What you return must be the full data, repeated verbatim, with no pictures in it.

> [Data shown]:
***

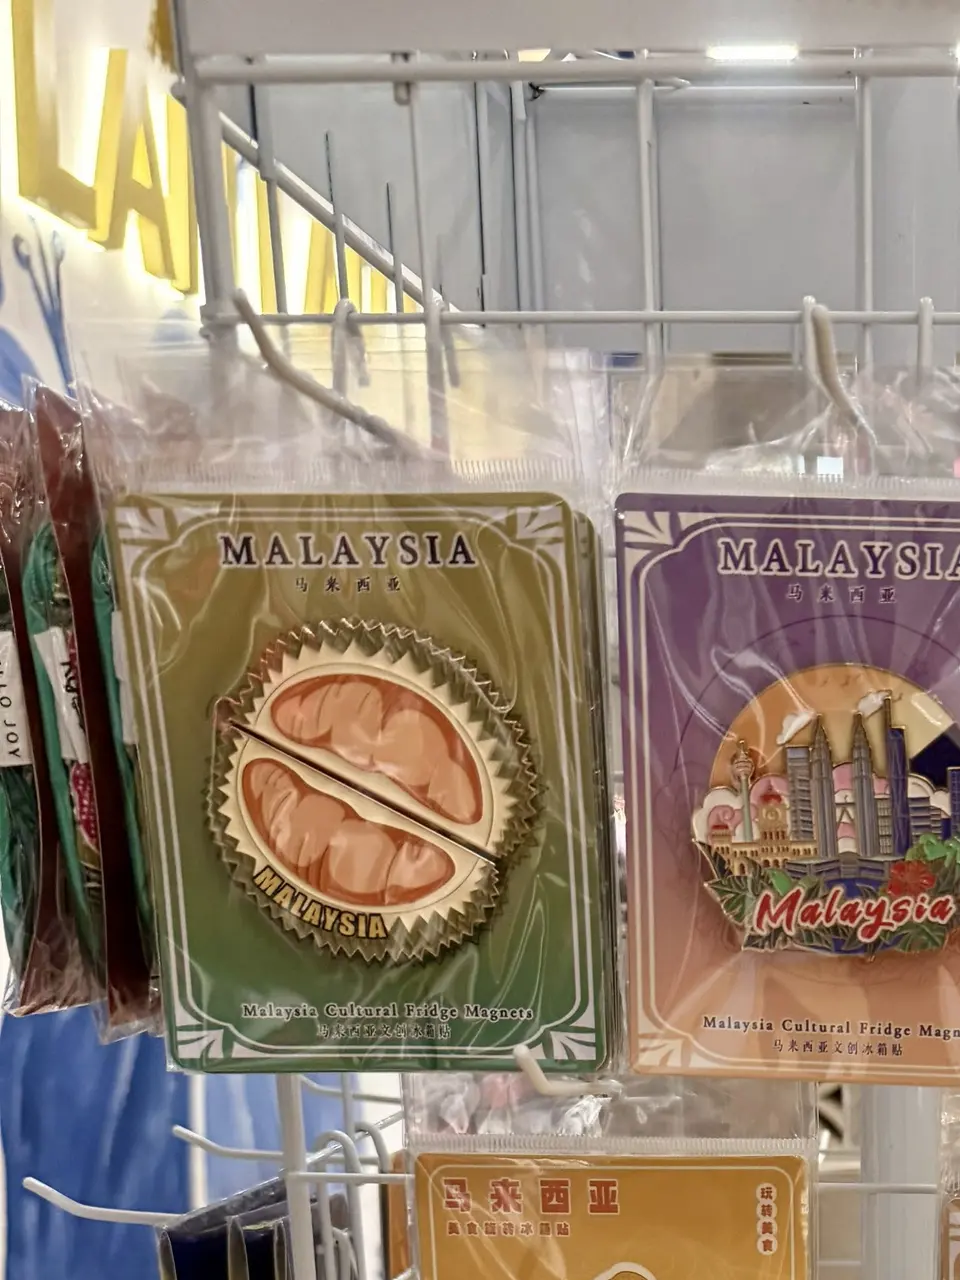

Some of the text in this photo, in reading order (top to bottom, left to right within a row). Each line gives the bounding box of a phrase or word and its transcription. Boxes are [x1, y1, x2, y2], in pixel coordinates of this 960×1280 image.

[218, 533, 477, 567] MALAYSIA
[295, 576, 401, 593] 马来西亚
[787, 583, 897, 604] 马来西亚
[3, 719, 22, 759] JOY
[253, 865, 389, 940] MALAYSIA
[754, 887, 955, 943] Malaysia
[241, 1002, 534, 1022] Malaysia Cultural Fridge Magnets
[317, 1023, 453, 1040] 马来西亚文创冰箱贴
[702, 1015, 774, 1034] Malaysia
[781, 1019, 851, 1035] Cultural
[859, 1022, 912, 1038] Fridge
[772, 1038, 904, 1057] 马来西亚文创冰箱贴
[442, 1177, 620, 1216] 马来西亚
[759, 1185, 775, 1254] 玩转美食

***

> [Task output]:
Some of the text in this photo, in reading order (top to bottom, left to right within a row). Each line gives the bounding box of a phrase or word and its transcription. Boxes are [x1, y1, x2, y2], in pixel coordinates of this 960×1280 image.

[218, 533, 477, 567] MALAYSIA
[295, 576, 401, 593] 马来西亚
[787, 583, 897, 604] 马来西亚
[3, 719, 22, 759] JOY
[253, 865, 389, 940] MALAYSIA
[754, 887, 955, 943] Malaysia
[241, 1002, 534, 1022] Malaysia Cultural Fridge Magnets
[317, 1023, 453, 1040] 马来西亚文创冰箱贴
[702, 1015, 774, 1034] Malaysia
[781, 1019, 851, 1035] Cultural
[859, 1022, 912, 1038] Fridge
[772, 1038, 904, 1057] 马来西亚文创冰箱贴
[442, 1177, 620, 1216] 马来西亚
[759, 1185, 775, 1254] 玩转美食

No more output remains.